End of twenty-two years on the job |
This was Hai’s last day on the job. A career he started with Stan, 22 years ago. The two now shared a glass of mutual admiration for a job well done.
A teen-aged Hai fled the Vietnamese communist regime in 1986, after two unsuccessful attempts, and spent 30 days in a wretched boat looking for a better life. Eventually he found it in Minnesota, educating himself first in high school and then at the U of M, studying biology. He met Stan’s daughter there, then met Stan at a kitchen table in Eden Prairie.
Stan noticed Hai’s shy but intrepid nature, and soon hired him as a part-time newspaper cartoonist. That didn’t last long.

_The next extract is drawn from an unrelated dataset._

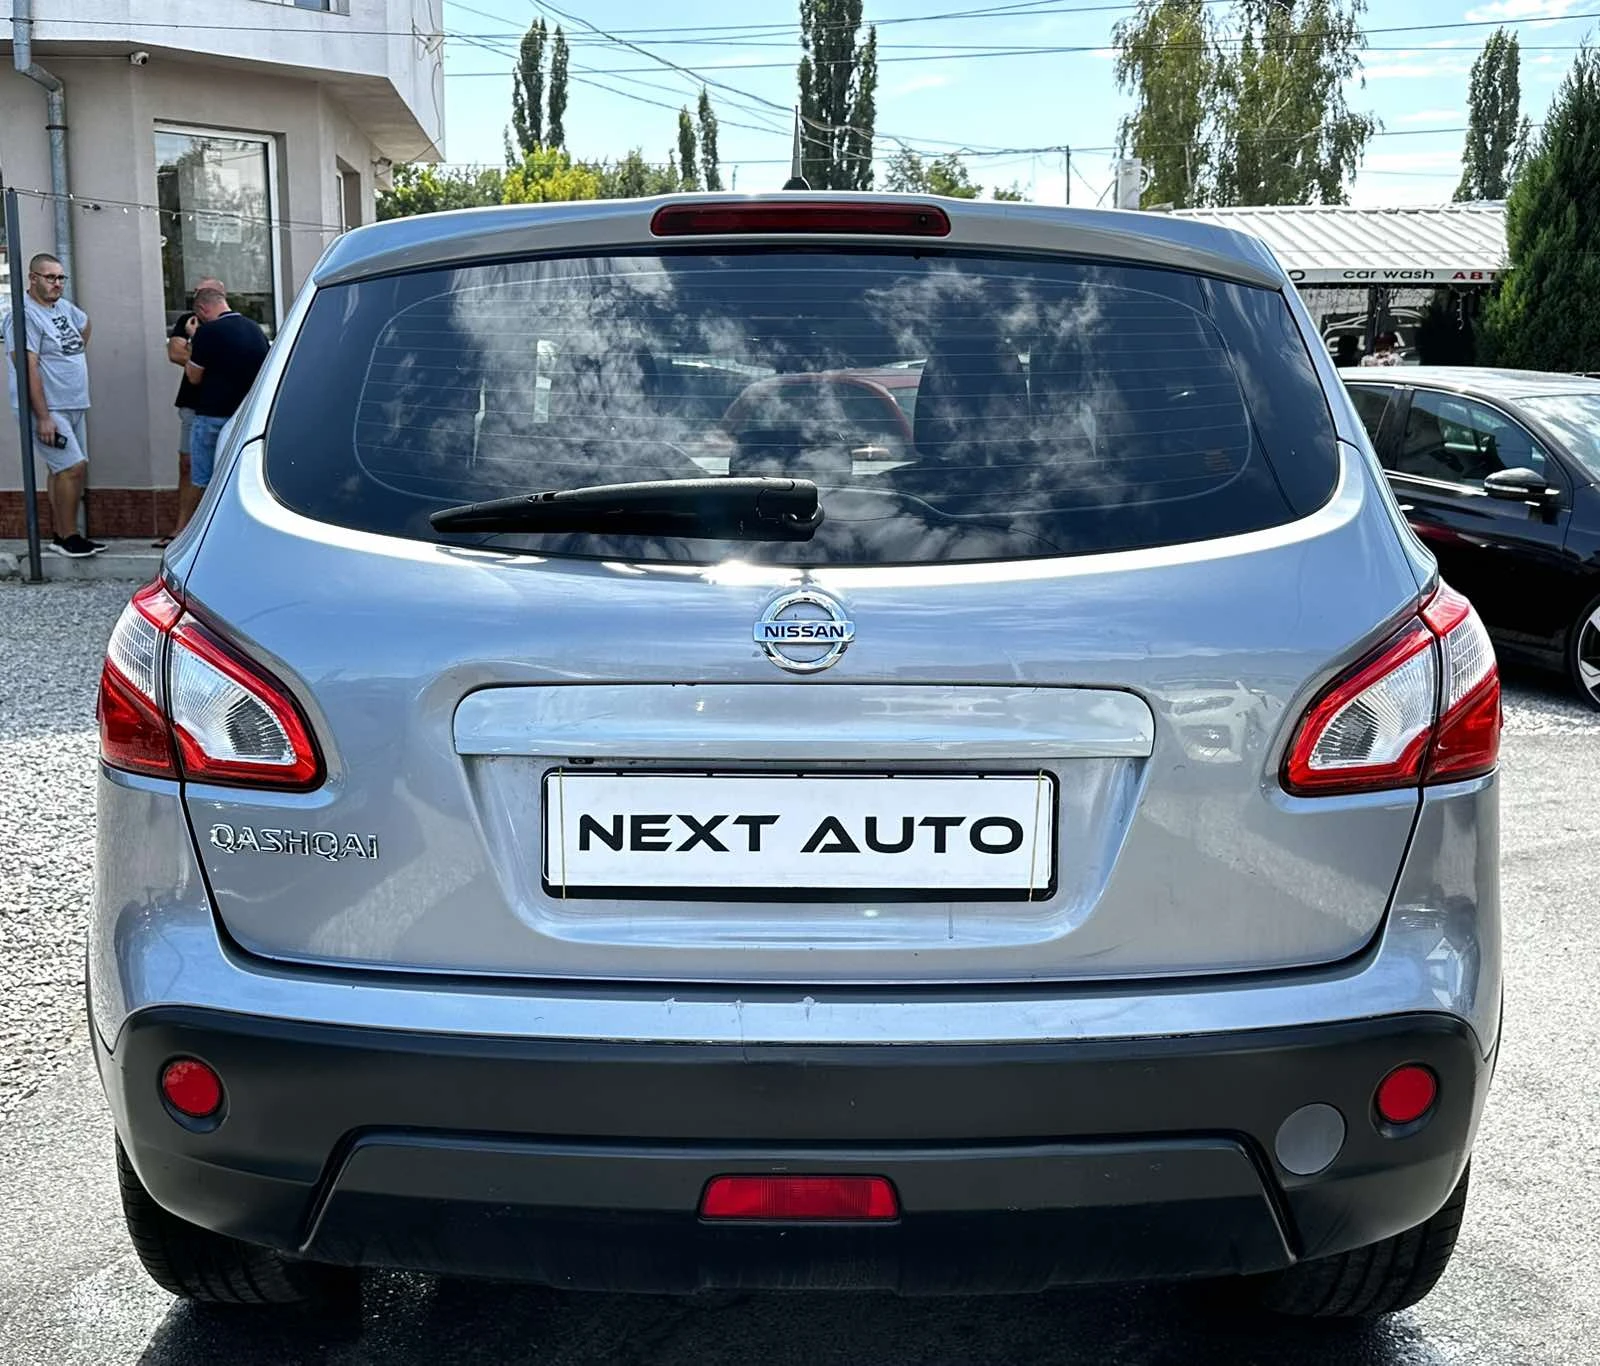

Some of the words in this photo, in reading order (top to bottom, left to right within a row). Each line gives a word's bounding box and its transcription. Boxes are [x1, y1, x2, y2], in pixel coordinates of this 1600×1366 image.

Hai couldn’t figure out how newspapers could make any money, he thought of them as sort of a volunteer kind of thing. They certainly weren’t a force in the old country. This was ironic, because the industry was about to engage in its most lucrative era ever, exploiting the wonders of digital productivity. Stan asked Hai to help take advantage of the many nascent economies of computerization. He agreed and educated himself for free at Barnes and Noble, reading voraciously in his adopted language, learning what could be done to make the newspaper production more efficient.
This he did with an amazing series of innovations, bringing the newspaper from expensive photo-typesetting into the modern digital age, one excruciating kilobyte at a time. One success after the other. Today the whole newspaper industry is totally transformed, of course, and nothing like the days when they were produced basically the same way Johann Gutenberg printed his Bible.
Stan has retired, but Hai kept working for the newspaper group, indispensable, knowledgeable. He moved to California five years ago, but maintained a service contract that kept him on call for trouble shooting things that mere human techs can’t handle. Until today that is, his last day on the job.
Don’t worry about Hai’s retirement. He’ll always have plenty to do. His wife has a couple of nail salons here that Hai helps her manage. There’s the fish farm in his high maintenance back yard garden. And the greenhouse to build. There are tuna to catch in the ocean, he’s favors deep sea fishing, miles from shore, where the Blue Fin lurk.
His son is almost a medical doctor now, he’ll visit soon to appreciate Dad’s new freedom. It’s the end of an era, a time for new beginnings. Raise a glass!
Not too bad for a teen-aged refugee with nothing, not too bad for an immigrant who had the right stuff.